Sementara, rumah-rumah sekitar masih tampak gelap. Itu menandakan tetangga sedang nyenyak menikmati mimpi dalam lelap. Maklum, aktivitas petani memang cukup berat dan melarat. Sehingga, malam yang panjang menjadi waktu cukup untuk beristirahat.

Tiap pagi, Sumiyati pergi ke ladang, merawat tanaman sayur miliknya ibarat mengasuh buah hati. Setelah sore, hasil panen dikumpulkan dan dibawa pulang.

Waktu petang tak membuatnya berhenti beraktivitas. Hasil panen sore tadi mulai dikemas untuk dibawa ke pasar. Sumiyati tak sendiri, dia dibantu suaminya, Tola’i, sosok pria tangguh yang usianya sudah tak muda lagi, 55 tahun.

Usia menjelang senja tentu membuat tenaga sepasang suami istri itu sudah tidak seprima dulu. Beruntung, mereka memiliki seorang anak perempuan yang selalu membantunya, Siti Nur Khatijah, 22 tahun.

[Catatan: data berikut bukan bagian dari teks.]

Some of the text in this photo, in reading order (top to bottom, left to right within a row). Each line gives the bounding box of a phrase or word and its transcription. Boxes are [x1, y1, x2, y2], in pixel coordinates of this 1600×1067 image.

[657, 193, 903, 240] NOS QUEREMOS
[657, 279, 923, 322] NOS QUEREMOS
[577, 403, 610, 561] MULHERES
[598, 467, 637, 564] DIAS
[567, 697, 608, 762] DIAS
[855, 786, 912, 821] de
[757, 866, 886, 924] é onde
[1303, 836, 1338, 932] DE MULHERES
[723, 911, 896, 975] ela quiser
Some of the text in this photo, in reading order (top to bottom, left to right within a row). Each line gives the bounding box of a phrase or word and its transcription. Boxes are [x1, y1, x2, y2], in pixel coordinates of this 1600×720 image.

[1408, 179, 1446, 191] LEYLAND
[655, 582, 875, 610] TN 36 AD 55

Tiap setengah sepuluh malam, lampu-lampu di teras rumah warga mulai padam. Semua beristirahat total untuk menenangkan sendi letih usai beraktivitas penuh seharian, sekaligus mengumpulkan tenaga untuk kembali bertani esok hari.

Namun, waktu istirahat Sumiyati tak panjang. Dia harus bangun tepat tengah malam. Menyiapkan hasil panen yang dipetik dari ladang dan hasil panen yang dibelinya dari petani lain untuk dibawa ke pasar.

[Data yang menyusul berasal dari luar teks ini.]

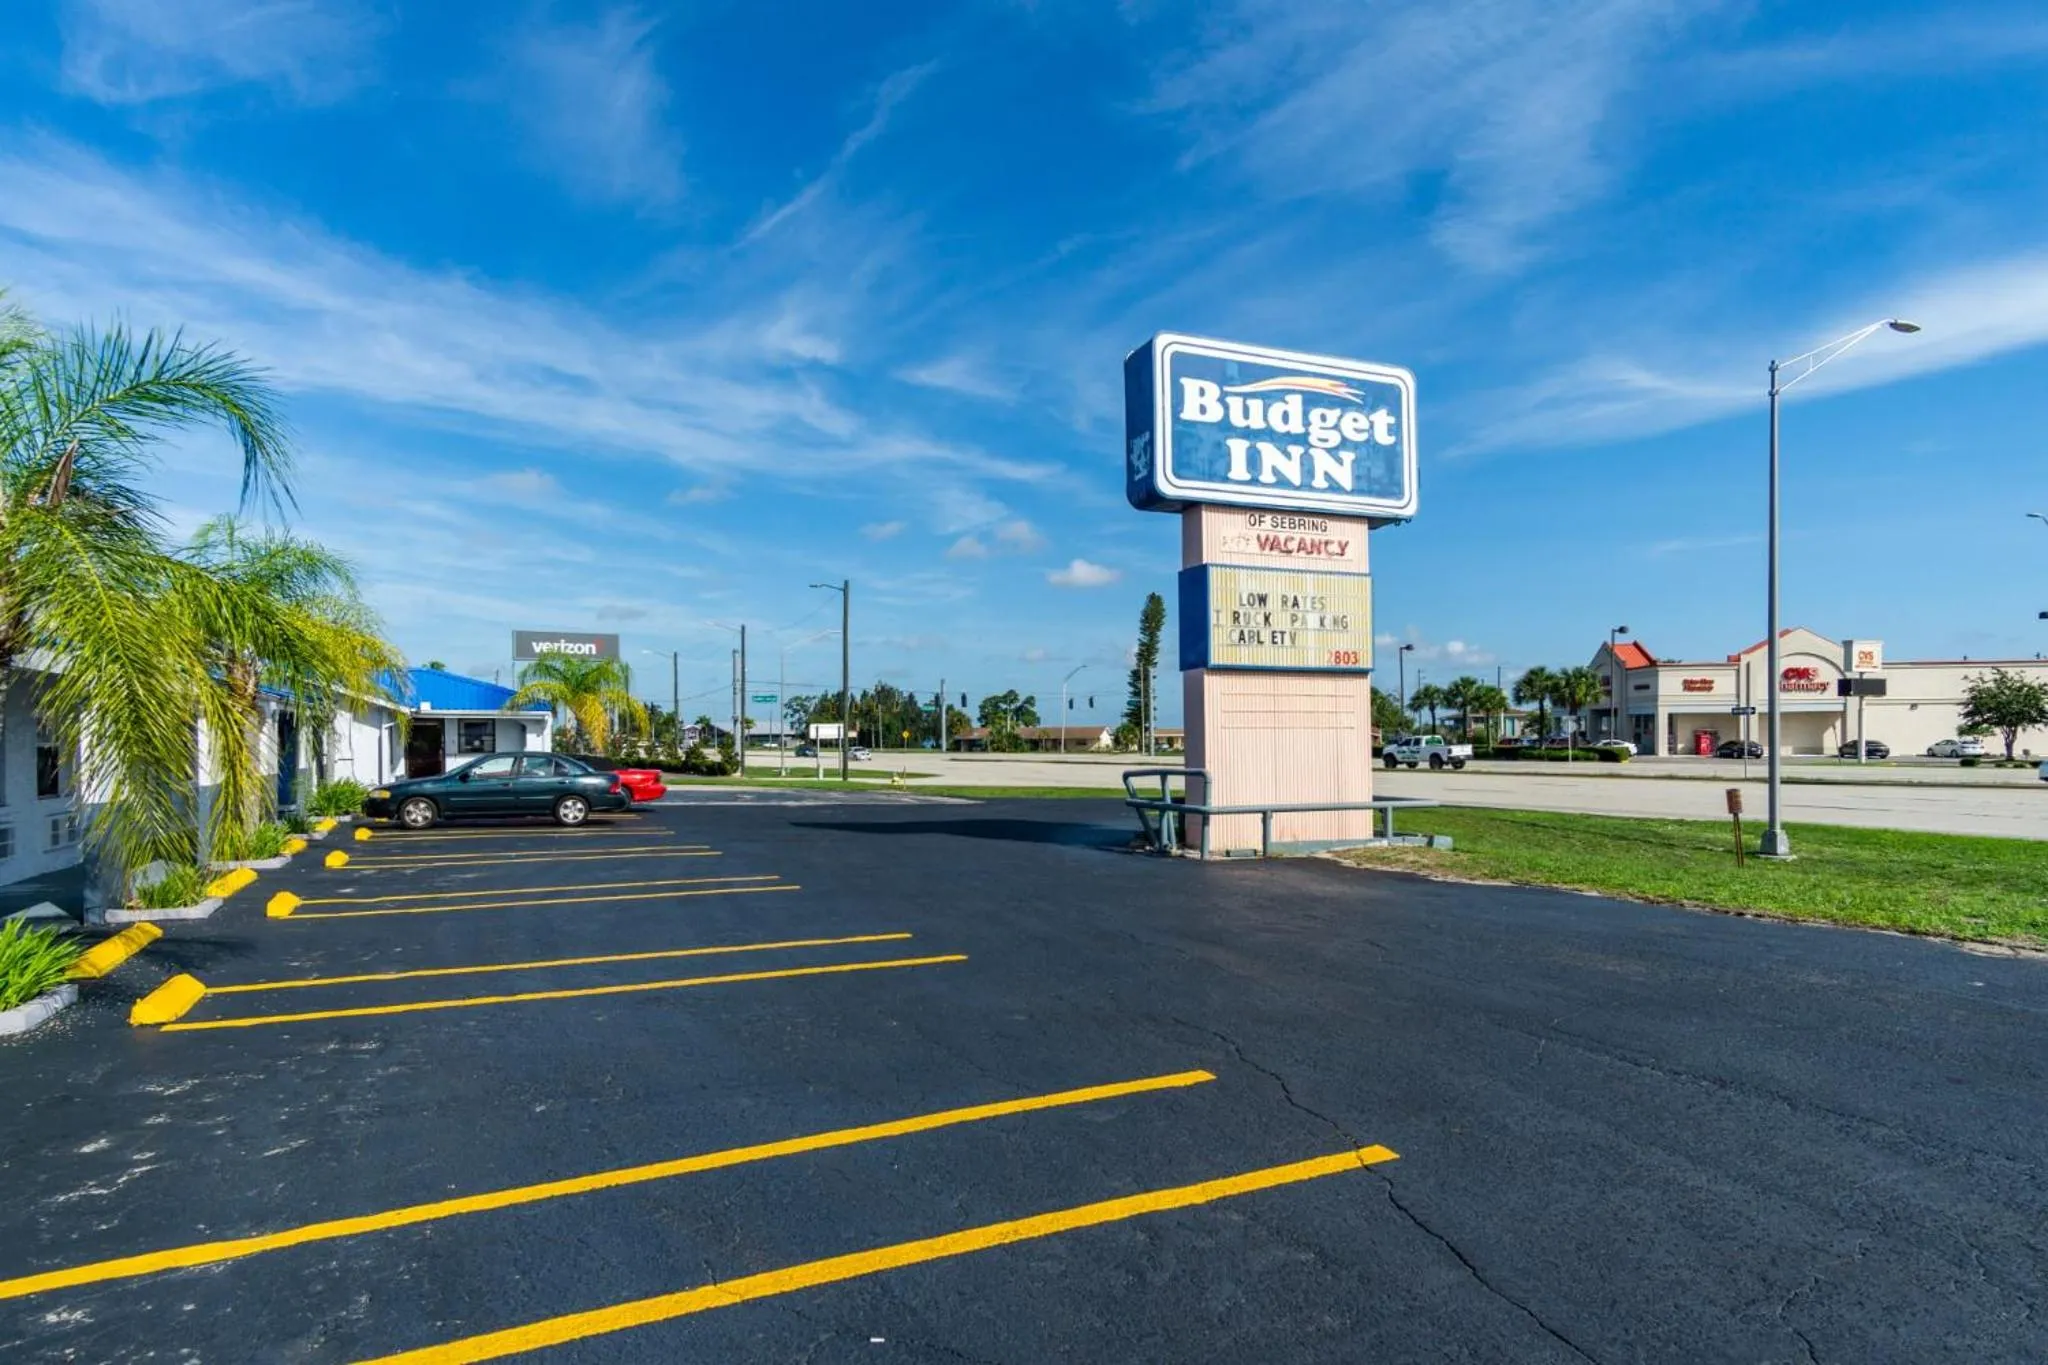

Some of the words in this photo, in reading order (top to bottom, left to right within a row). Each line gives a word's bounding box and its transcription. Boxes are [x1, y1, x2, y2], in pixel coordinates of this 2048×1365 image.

[1179, 376, 1396, 448] Budget
[1226, 438, 1356, 491] INN
[1248, 513, 1266, 527] OF
[1270, 515, 1328, 532] SEBRING
[1257, 533, 1349, 556] VACANCY
[1239, 592, 1268, 607] LOW
[531, 639, 597, 655] verizon

Dua sepeda motor dinyalakan, bermacam sayuran siap dibawa ke pasar desa sebelah yang jaraknya sekitar satu kilometer. Warga biasa menyebutnya Pasar Karang Tengah atau Pasar Banasare, sebab lokasinya berada di Desa Banasare.

Pasar tersebut menjadi salah satu pusat perputaran ekonomi bagi petani di Kecamatan Rubaru. Meskipun pasar tradisional ini tidak besar, namun cukup diminati. Petani dari berbagai desa lain, seperti Matanair, Tambak Sari dan Mandala, selalu membawa hasil panen ke pasar tersebut.

Sebenarnya, hasil panen yang dibawa ke Pasar Banasare, tidak dijual langsung kepada konsumen. Melainkan, dijual ke tengkulak untuk dibawa ke Pasar Anom Kabupaten Sumenep atau bahkan ke Pasar Prenduan, Kecamatan Pragaan.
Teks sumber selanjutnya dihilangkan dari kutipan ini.